If you’ve never had any form of OCD then imagine a scenario that could happen to me, and what could happen in my own head: Imagine getting splashed by some mud. You’d have an unclean outfit maybe but no big deal right? But the OCD mind works differently. First you’d wonder if the mud was contaminated with germs, maybe with faecal bacteria…Then you’d wonder how to remove the mud without touching it…Then you’d try to clean it off but you have no gloves so now you’re worried about touching your outfit at all. Still you manage to clean it with wipes or a cloth but is the outfit really clean?…Just to be sure you’d take it off (hopefully getting into another outfit) and get rid of it…Washing isn’t enough so you’d throw the outfit away…But now your hands are dirty…You’ve washed them since throwing away the outfit but what if you didn’t wash under each nail?… and then you scratched your nose…Now your nose is dirty with bacteria as well as your fingernails….And what about the new clothes you just put on…Did you make them dirty by touching them with dirty fingernails???…
This is just one example of a scenario featuring someone with OCD, in other cases, people might feel scared that their loved ones will get sick or even die if they don’t do something the right way.

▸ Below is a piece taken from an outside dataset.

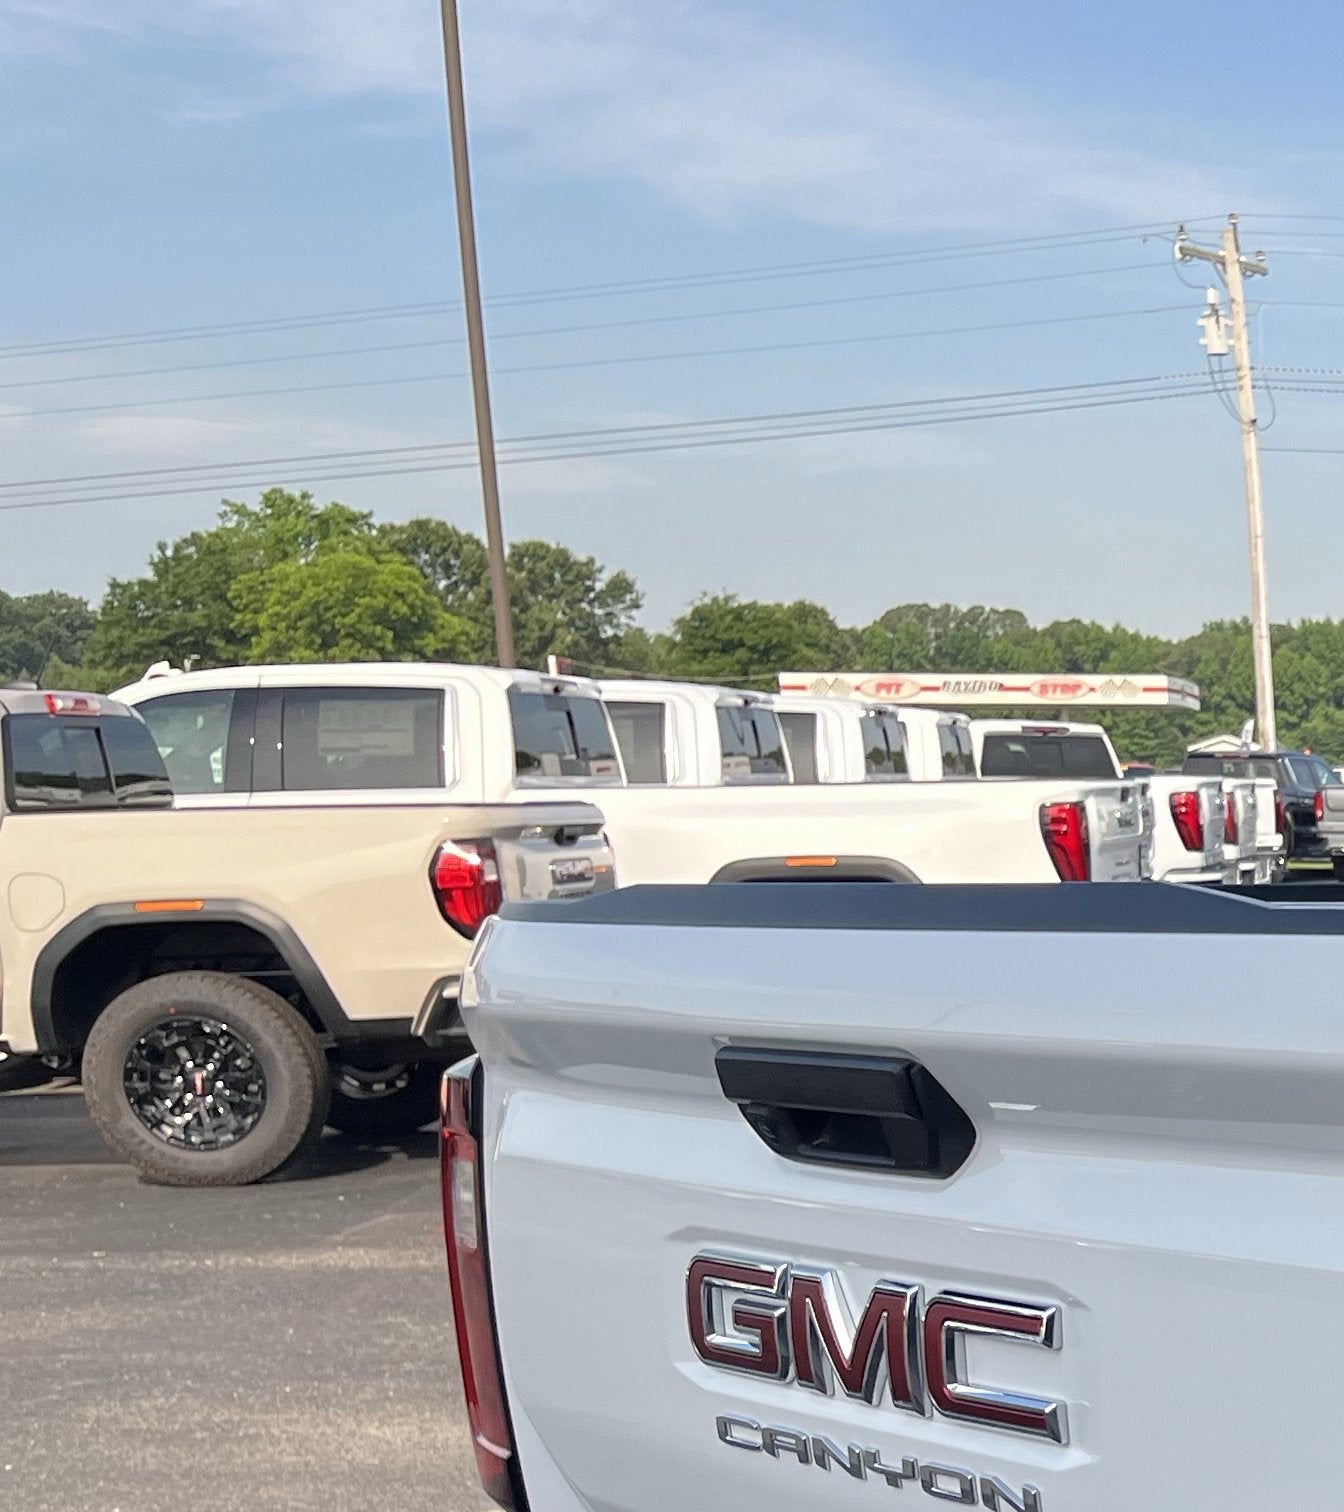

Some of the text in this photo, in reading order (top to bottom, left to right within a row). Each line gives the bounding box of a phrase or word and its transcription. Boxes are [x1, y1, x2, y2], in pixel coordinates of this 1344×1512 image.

[875, 682, 903, 696] PIT
[1039, 682, 1082, 696] STOP
[686, 1249, 1071, 1446] GMC
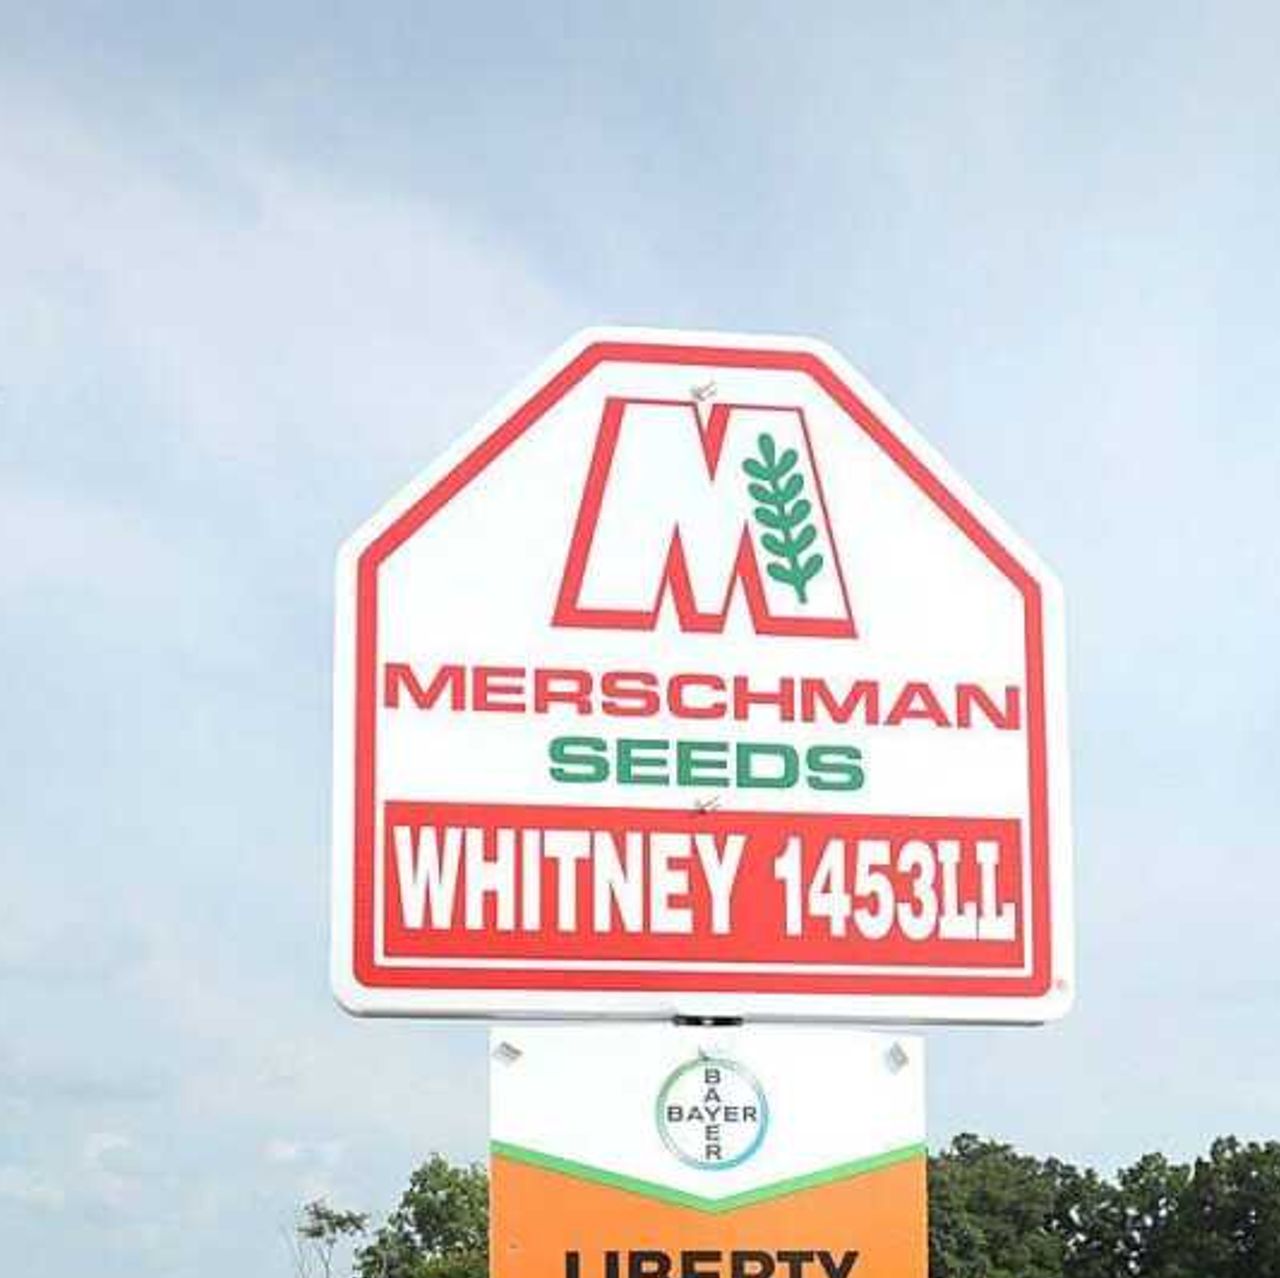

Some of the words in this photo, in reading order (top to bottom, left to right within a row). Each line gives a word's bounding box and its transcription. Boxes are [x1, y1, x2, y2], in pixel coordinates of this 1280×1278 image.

It’s possible to torture yourself into all these imaginary scenarios, the only difference between the mind of someone without this condition and that of someone suffering OCD is that the OCD sufferer really feels the fear of what I’ve just described. It sounds daft, it sounds stupid but to a sufferer, like me, it is very real! Of course my rational mind knows it’s ridiculous, and of course I know it’s not going to harm me to be around ‘unclean/germy’ areas. But the relief of feeing ‘clean’ is still a big reason for the compulsion to clean.
There is hope
OCD is a very complex illness. People can get better and do, but for many it’s a condition that you have to work at to keep at bay. Today I am in a better place than I used to be. I’m better able to function at things. I’m not as paranoid as I once was…But whenever times are hard, whenever anxiety flares up, whenever life is hard, like it has been these last few months,…there’s always a temptation to return to old habits, and it’s often a mental challenge, a great mental battle to resist them…to not go back there. Every time I manage to resist I can’t help but feel proud of how I’m coping. But it doesn’t mean I always cope, and sometimes I don’t and I spend too long thinking, too long doing compulsive acts…Every day a challenge…
So next time you hear someone saying, or indeed you yourself want to utter the words “I’m a little bit OCD”, think about that comment a little more…Are you really OCD? Or are we as a society a little too flippant in the way we use that term?
* My experience above is a small introduction into what my world of OCD is like. I didn’t go into much detail, though I may do in future posts depending on how well this one is received.